Task material: Begin

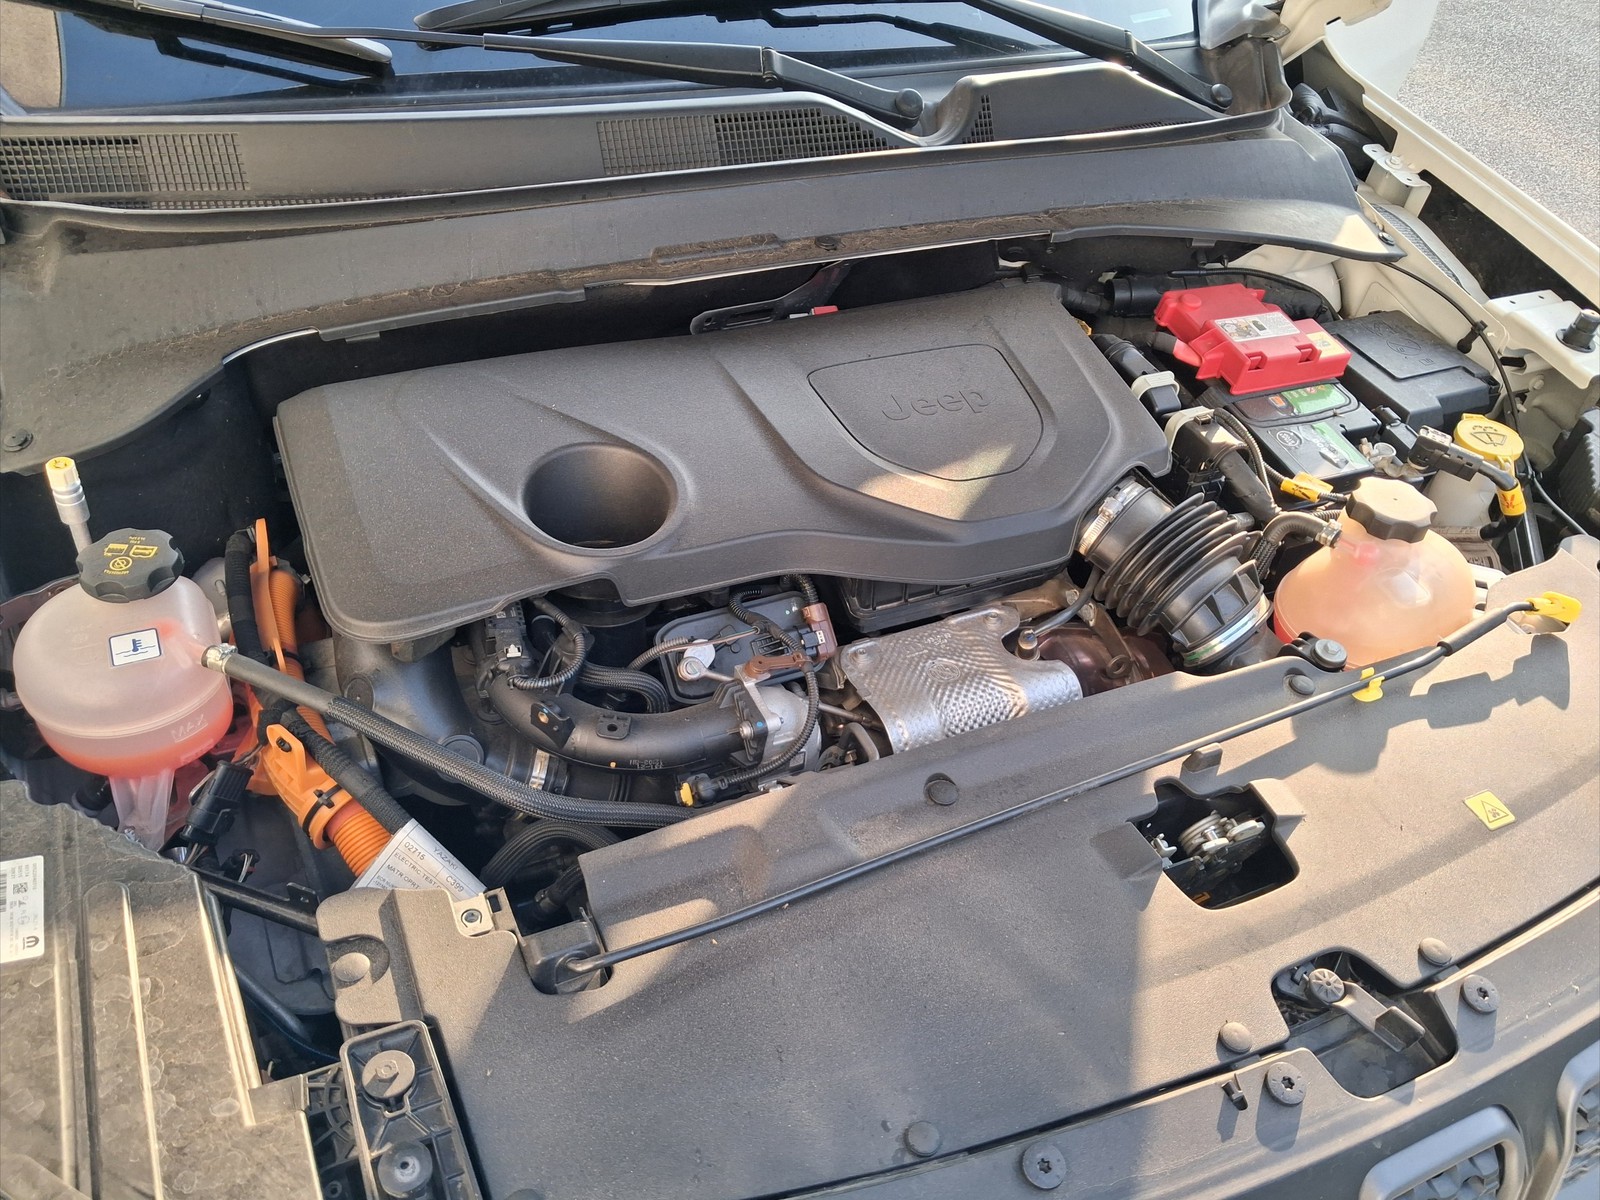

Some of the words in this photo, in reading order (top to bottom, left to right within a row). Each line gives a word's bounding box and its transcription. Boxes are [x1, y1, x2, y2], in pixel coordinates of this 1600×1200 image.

[880, 391, 991, 420] Jeep
[403, 841, 426, 861] 02715
[433, 847, 458, 871] YAZAKI
[386, 864, 403, 881] MATR
[394, 852, 421, 876] ELECTRIC
[422, 872, 437, 888] TEST
[445, 875, 464, 893] C399
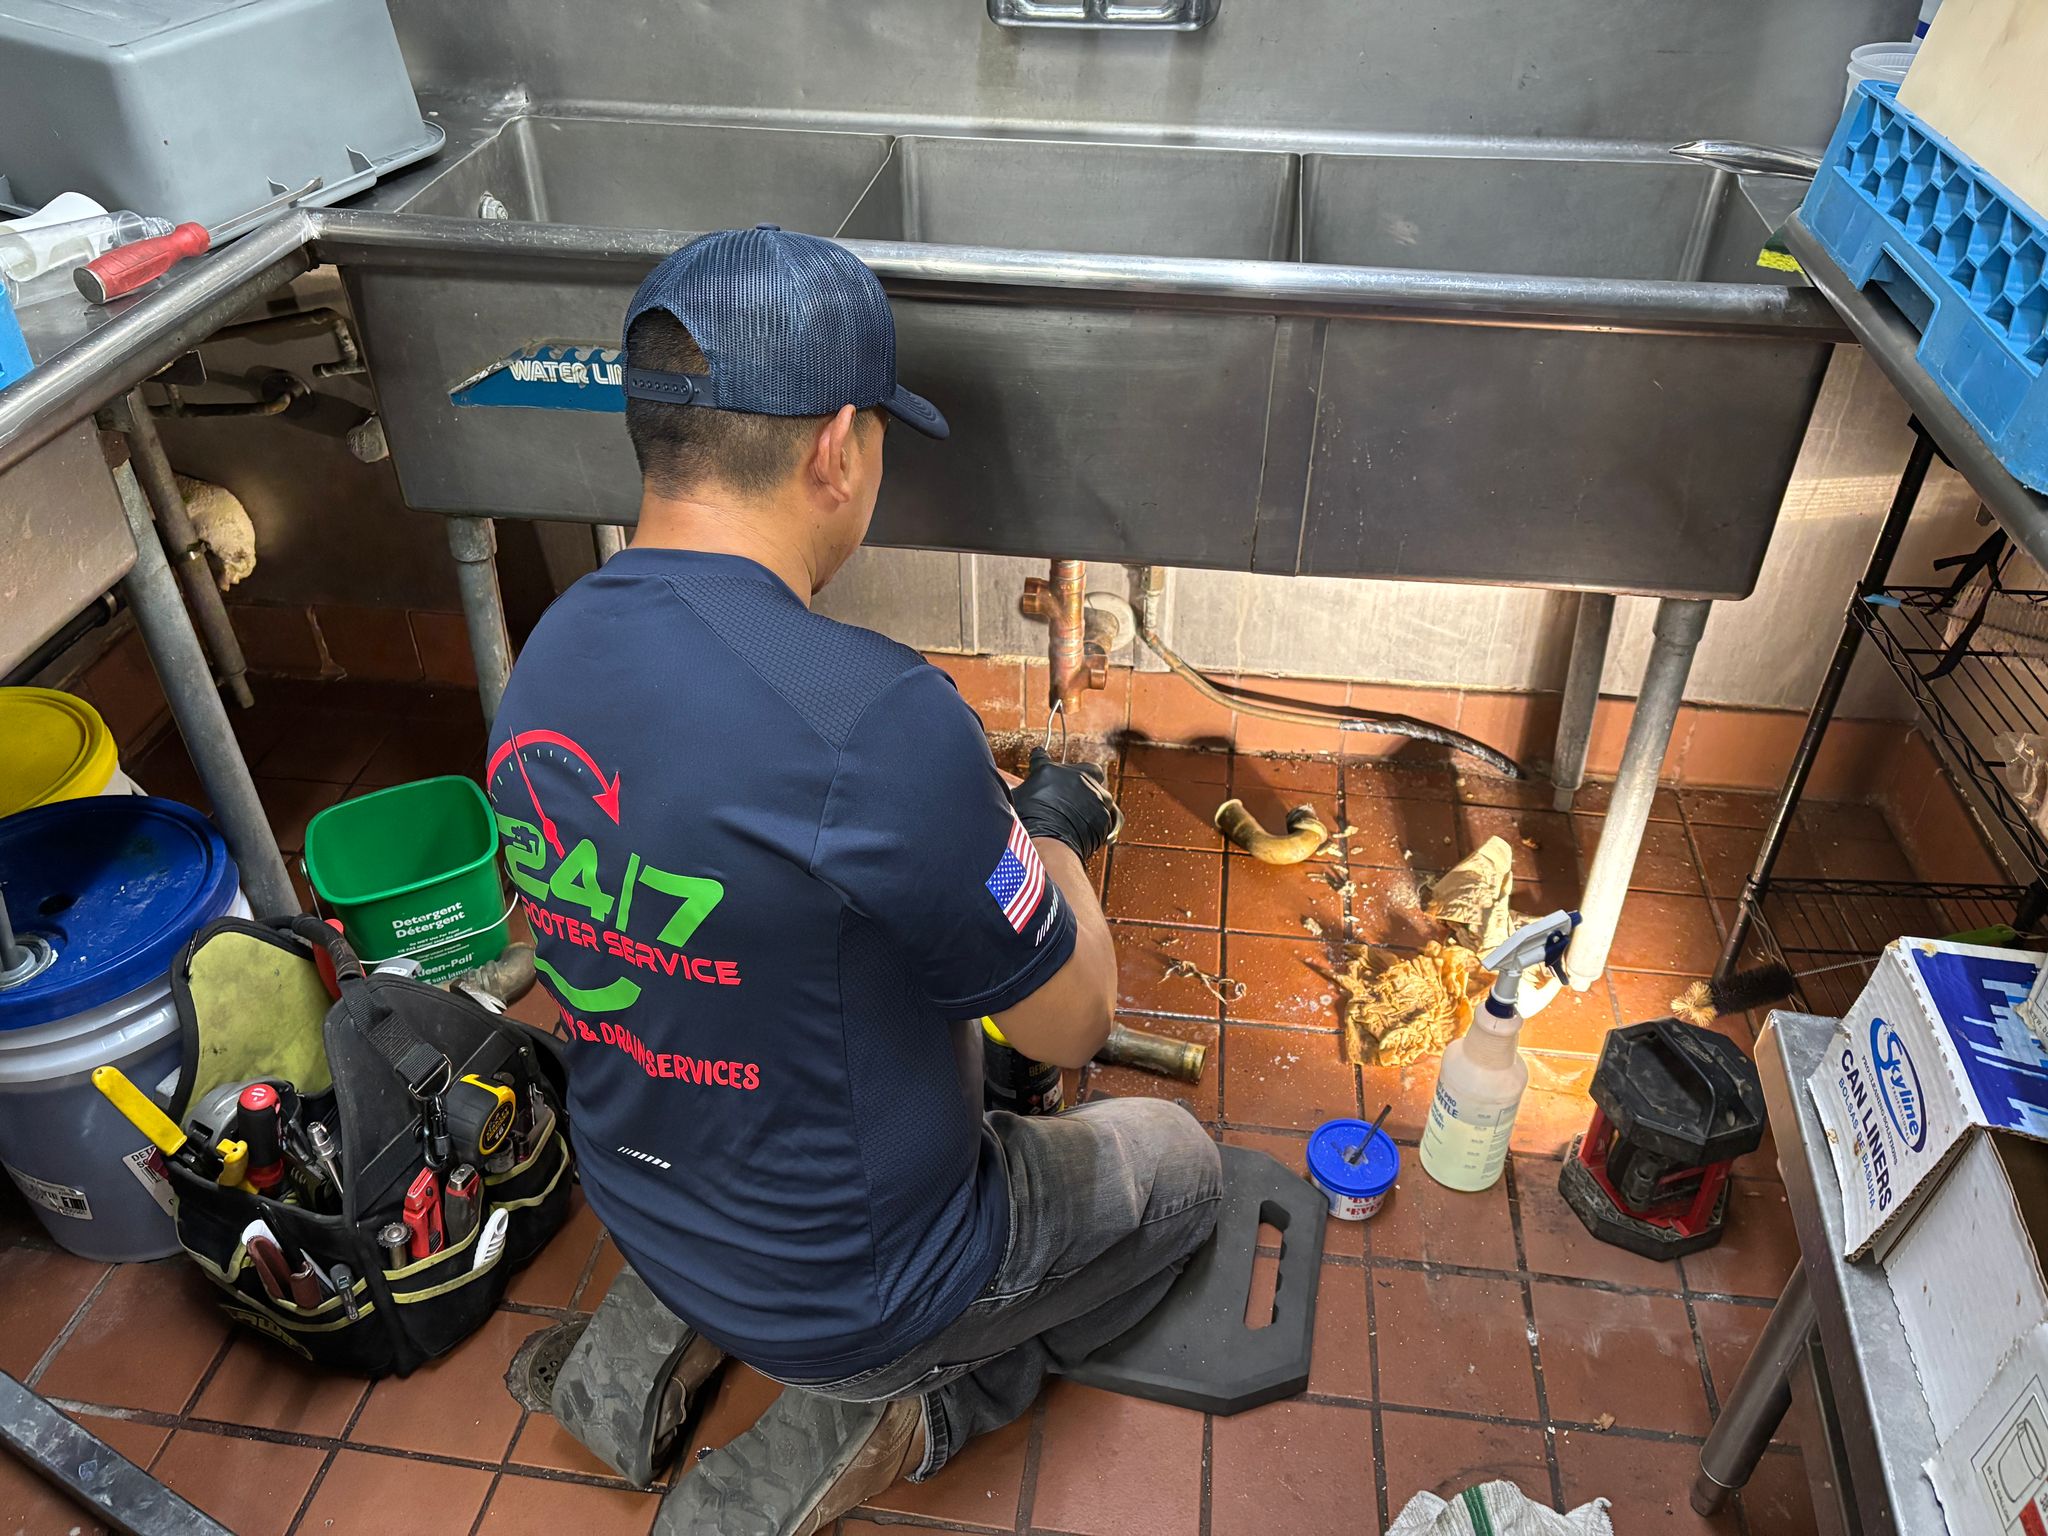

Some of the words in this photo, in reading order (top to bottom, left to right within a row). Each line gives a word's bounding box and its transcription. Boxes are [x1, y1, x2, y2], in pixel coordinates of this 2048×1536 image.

[509, 360, 589, 384] WATER
[495, 812, 724, 947] 24/7
[392, 902, 463, 929] Detergent
[396, 911, 466, 938] Détergent
[417, 953, 473, 977] leen-Pail
[602, 930, 742, 985] SERVICE
[576, 1020, 601, 1043] &
[600, 1022, 646, 1068] DRAIN
[645, 1050, 760, 1090] SERVICES
[1028, 1062, 1053, 1077] BERN
[1881, 1031, 1919, 1136] Skyline
[1838, 1077, 1859, 1130] BOLSAS
[1856, 1131, 1866, 1152] DE
[1861, 1153, 1876, 1209] BASURA
[1841, 1049, 1868, 1109] CAN
[1862, 1107, 1892, 1212] LINERS
[1882, 1116, 1898, 1165] SOLUTIONS
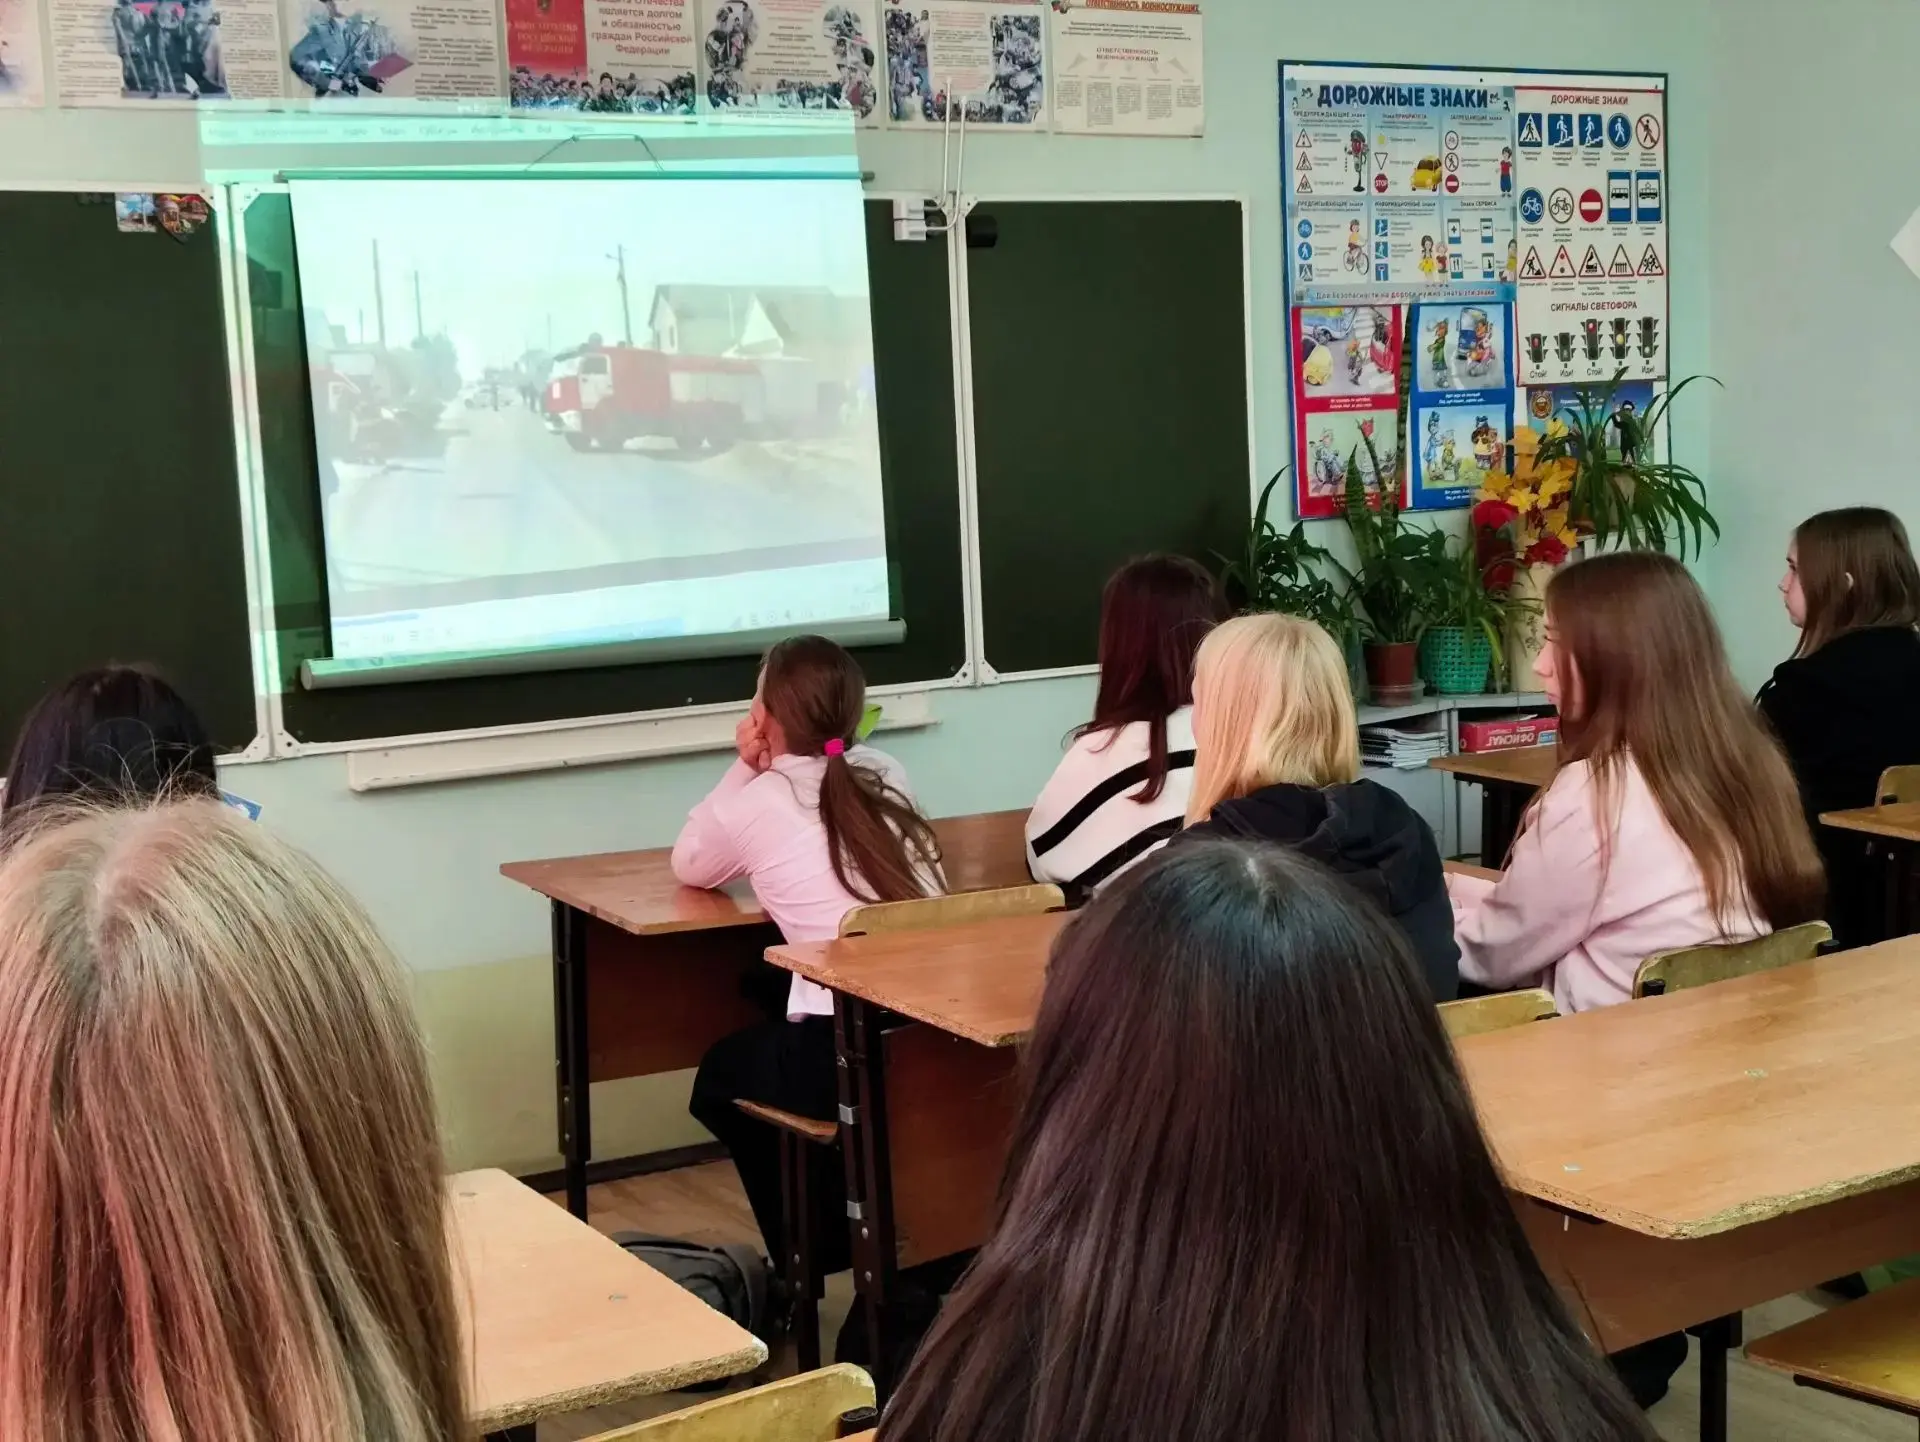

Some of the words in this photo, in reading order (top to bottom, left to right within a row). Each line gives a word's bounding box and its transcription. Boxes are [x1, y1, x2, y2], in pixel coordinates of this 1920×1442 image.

[599, 8, 644, 18] является
[646, 11, 683, 20] долгом
[601, 20, 608, 28] и
[611, 19, 682, 32] обязанностью
[591, 31, 632, 42] граждан
[635, 32, 692, 44] Российской
[615, 43, 671, 56] Федерации
[1317, 84, 1425, 108] ДОРОЖНЫЕ
[1429, 88, 1488, 108] ЗНАКИ
[1550, 95, 1600, 105] ДОРОЖНЫЕ
[1602, 96, 1629, 105] ЗНАКИ
[1375, 179, 1387, 187] STOP
[1550, 302, 1589, 312] СИГНАЛЫ
[1590, 301, 1638, 311] СВЕТОФОРА
[1529, 369, 1548, 379] Стой!
[1559, 369, 1574, 378] Иди!
[1586, 368, 1603, 377] Стой!
[1641, 365, 1656, 374] Иди!
[1485, 733, 1535, 746] ОФИСМАГ

Task material: End

What the task requires :: Give all the entries again exactly, dropping each picture.

Result of this exercise ::
Some of the words in this photo, in reading order (top to bottom, left to right within a row). Each line gives a word's bounding box and its transcription. Boxes are [x1, y1, x2, y2], in pixel coordinates of this 1600×1200 image.

[880, 391, 991, 420] Jeep
[403, 841, 426, 861] 02715
[433, 847, 458, 871] YAZAKI
[386, 864, 403, 881] MATR
[394, 852, 421, 876] ELECTRIC
[422, 872, 437, 888] TEST
[445, 875, 464, 893] C399

Some of the words in this photo, in reading order (top to bottom, left to right within a row). Each line gives a word's bounding box and its transcription. Boxes are [x1, y1, x2, y2], in pixel coordinates of this 2048×1536 image.

[509, 360, 589, 384] WATER
[495, 812, 724, 947] 24/7
[392, 902, 463, 929] Detergent
[396, 911, 466, 938] Détergent
[417, 953, 473, 977] leen-Pail
[602, 930, 742, 985] SERVICE
[576, 1020, 601, 1043] &
[600, 1022, 646, 1068] DRAIN
[645, 1050, 760, 1090] SERVICES
[1028, 1062, 1053, 1077] BERN
[1881, 1031, 1919, 1136] Skyline
[1838, 1077, 1859, 1130] BOLSAS
[1856, 1131, 1866, 1152] DE
[1861, 1153, 1876, 1209] BASURA
[1841, 1049, 1868, 1109] CAN
[1862, 1107, 1892, 1212] LINERS
[1882, 1116, 1898, 1165] SOLUTIONS

Some of the words in this photo, in reading order (top to bottom, left to right within a row). Each line gives a word's bounding box and its transcription. Boxes are [x1, y1, x2, y2], in pixel coordinates of this 1920×1442 image.

[599, 8, 644, 18] является
[646, 11, 683, 20] долгом
[601, 20, 608, 28] и
[611, 19, 682, 32] обязанностью
[591, 31, 632, 42] граждан
[635, 32, 692, 44] Российской
[615, 43, 671, 56] Федерации
[1317, 84, 1425, 108] ДОРОЖНЫЕ
[1429, 88, 1488, 108] ЗНАКИ
[1550, 95, 1600, 105] ДОРОЖНЫЕ
[1602, 96, 1629, 105] ЗНАКИ
[1375, 179, 1387, 187] STOP
[1550, 302, 1589, 312] СИГНАЛЫ
[1590, 301, 1638, 311] СВЕТОФОРА
[1529, 369, 1548, 379] Стой!
[1559, 369, 1574, 378] Иди!
[1586, 368, 1603, 377] Стой!
[1641, 365, 1656, 374] Иди!
[1485, 733, 1535, 746] ОФИСМАГ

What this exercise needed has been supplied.